= Exercise prompt =
Write out the data exactly as given, dropping every picture.
((
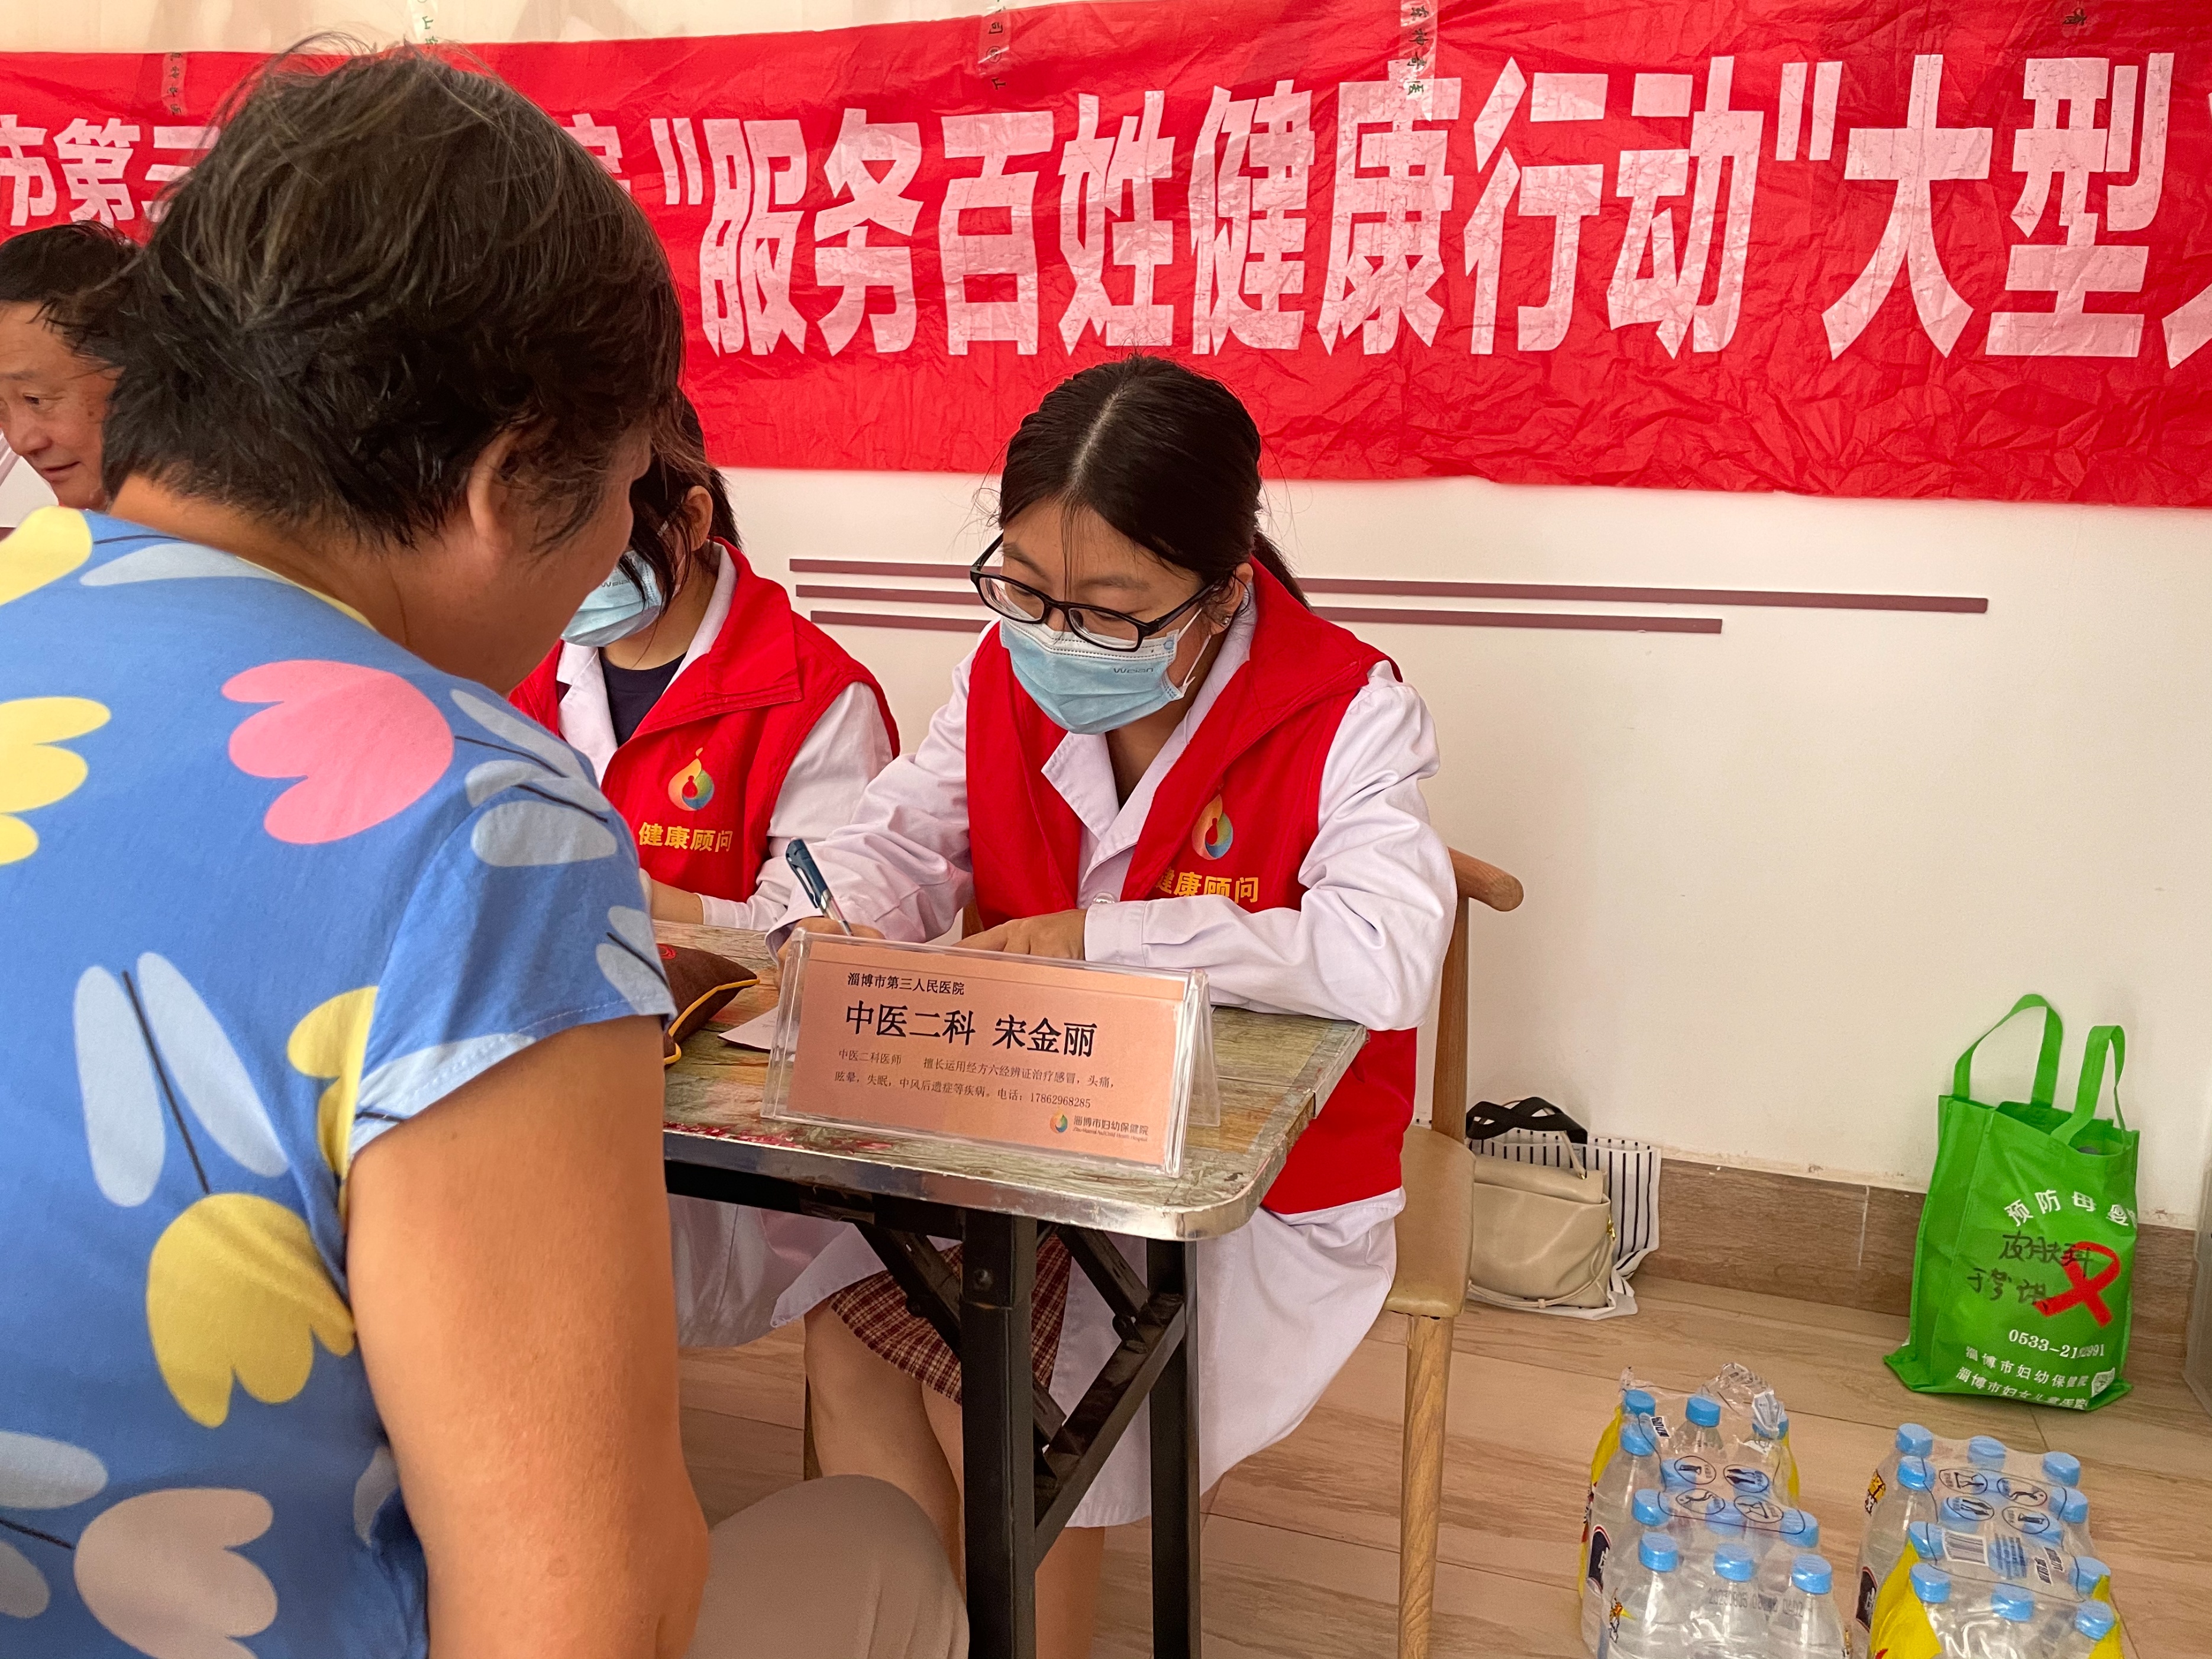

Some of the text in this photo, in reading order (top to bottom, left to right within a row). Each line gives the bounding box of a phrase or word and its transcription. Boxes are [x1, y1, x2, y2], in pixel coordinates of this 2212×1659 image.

[638, 821, 733, 853] 健康顾问
[847, 972, 964, 995] 淄博市第三人民医院
[845, 1000, 1097, 1057] 中医二科 宋金丽
[838, 1048, 902, 1066] 中医二科医师
[1073, 1115, 1149, 1136] 淄博市妇幼保健院
))
= Output below =
Some of the text in this photo, in reading order (top to bottom, left to right within a row). Each line gives the bounding box of a phrase or word and its transcription. Boxes are [x1, y1, x2, y2], in pixel coordinates of this 2212×1659 image.

[638, 821, 733, 853] 健康顾问
[847, 972, 964, 995] 淄博市第三人民医院
[845, 1000, 1097, 1057] 中医二科 宋金丽
[838, 1048, 902, 1066] 中医二科医师
[1073, 1115, 1149, 1136] 淄博市妇幼保健院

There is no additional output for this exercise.